Motivations and challenges for stream processing in edge computing
Paper in proceeding, 2021

The 2030 Agenda for Sustainable Development of the United Nations General Assembly defines 17 development goals to be met for a sustainable future. Goals such as Industry, Innovation and Infrastructure and Sustainable Cities and Communities depend on digital systems. As a matter of fact, billions of Euros are invested into digital transformation within the European Union, and many researchers are actively working to push state-of-the-art boundaries for techniques/tools able to extract value and insights from the large amounts of raw data sensed in digital systems. Edge computing aims at supporting such data-to-value transformation. In digital systems that traditionally rely on central data gathering, edge computing proposes to push the analysis towards the devices and data sources, thus leveraging the large cumulative computational power found in modern distributed systems.
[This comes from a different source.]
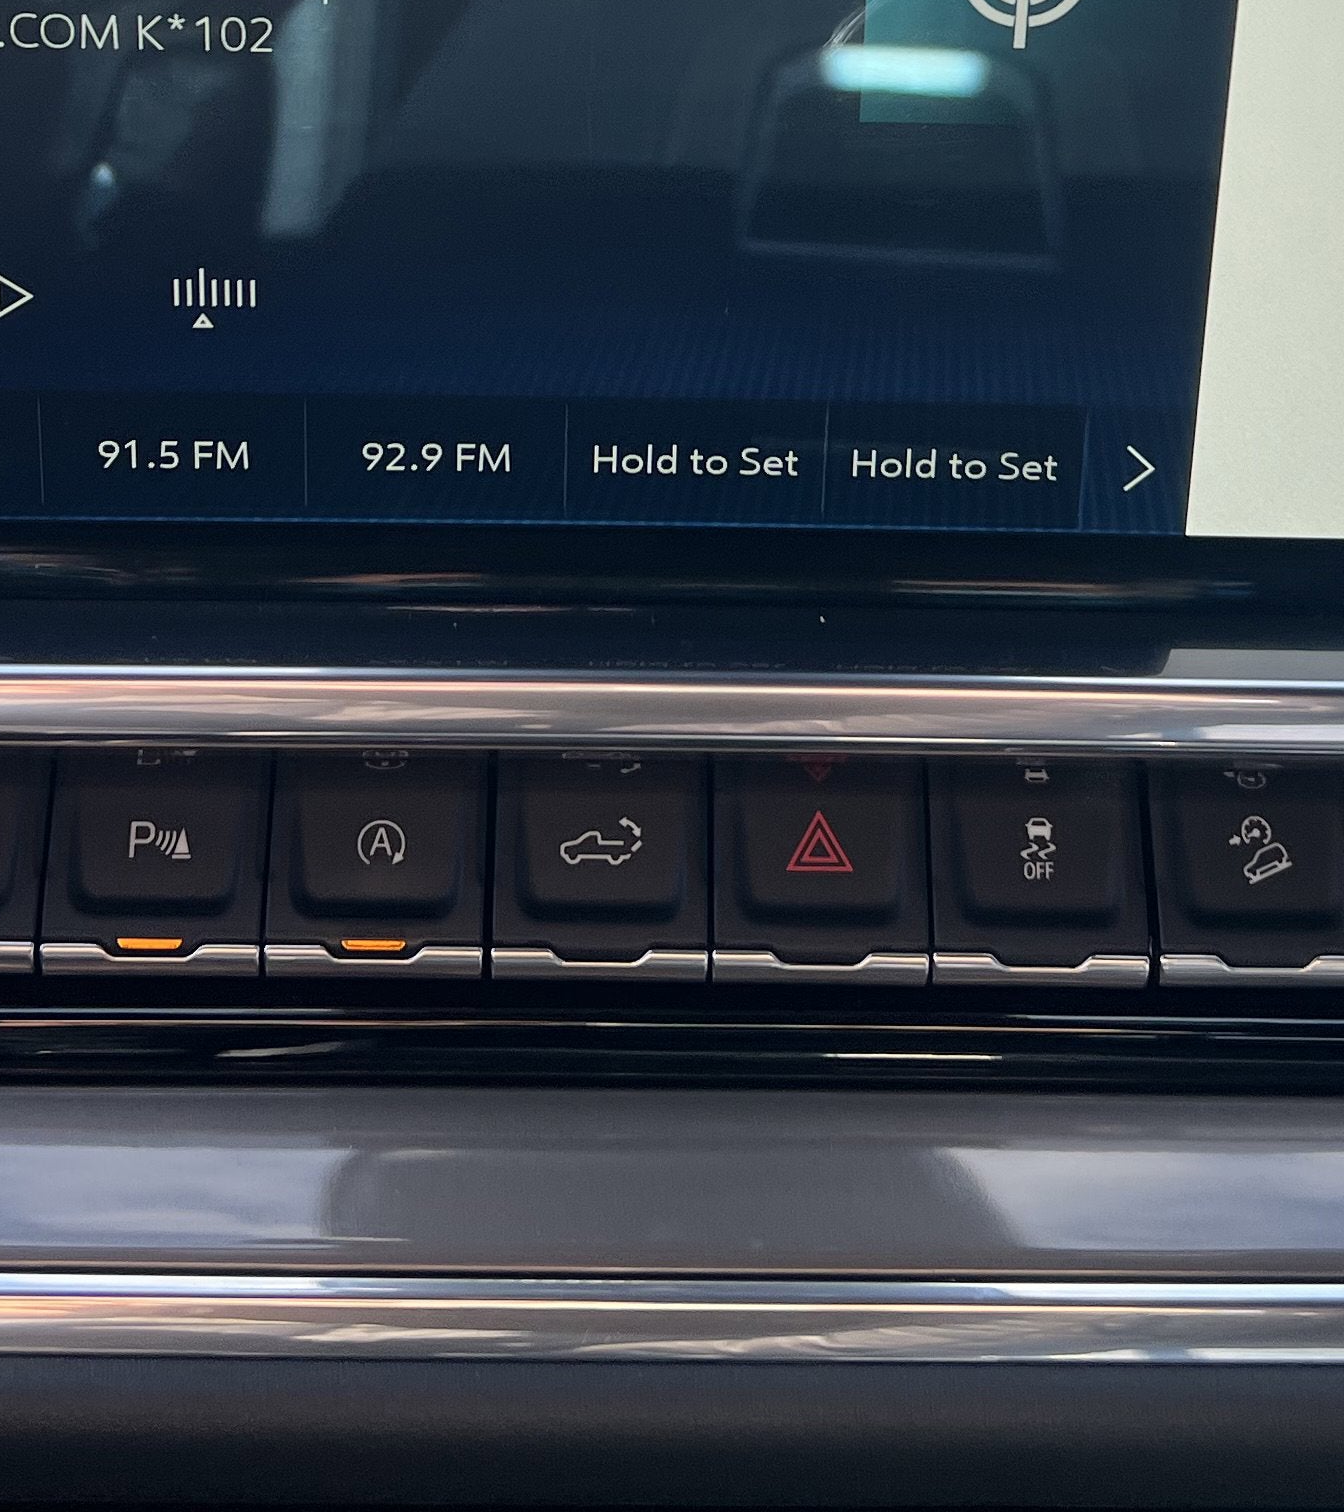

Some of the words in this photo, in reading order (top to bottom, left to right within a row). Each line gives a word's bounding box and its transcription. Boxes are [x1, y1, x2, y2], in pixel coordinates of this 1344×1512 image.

Some of the ideas promoted in edge computing are not new, though. Continuous and distributed data analysis paradigms such as stream processing have argued about the need for smart distributed analysis for basically 20 years. Starting from this observation, this talk covers a set of standing challenges for smart, distributed, and continuous stream processing in edge computing, with real-world examples and use-cases from smart grids and vehicular networks.

Data streaming; Edge Computing

Author

Vincenzo Massimiliano Gulisano

Chalmers, Computer Science and Engineering (Chalmers), Networks and Systems (Chalmers)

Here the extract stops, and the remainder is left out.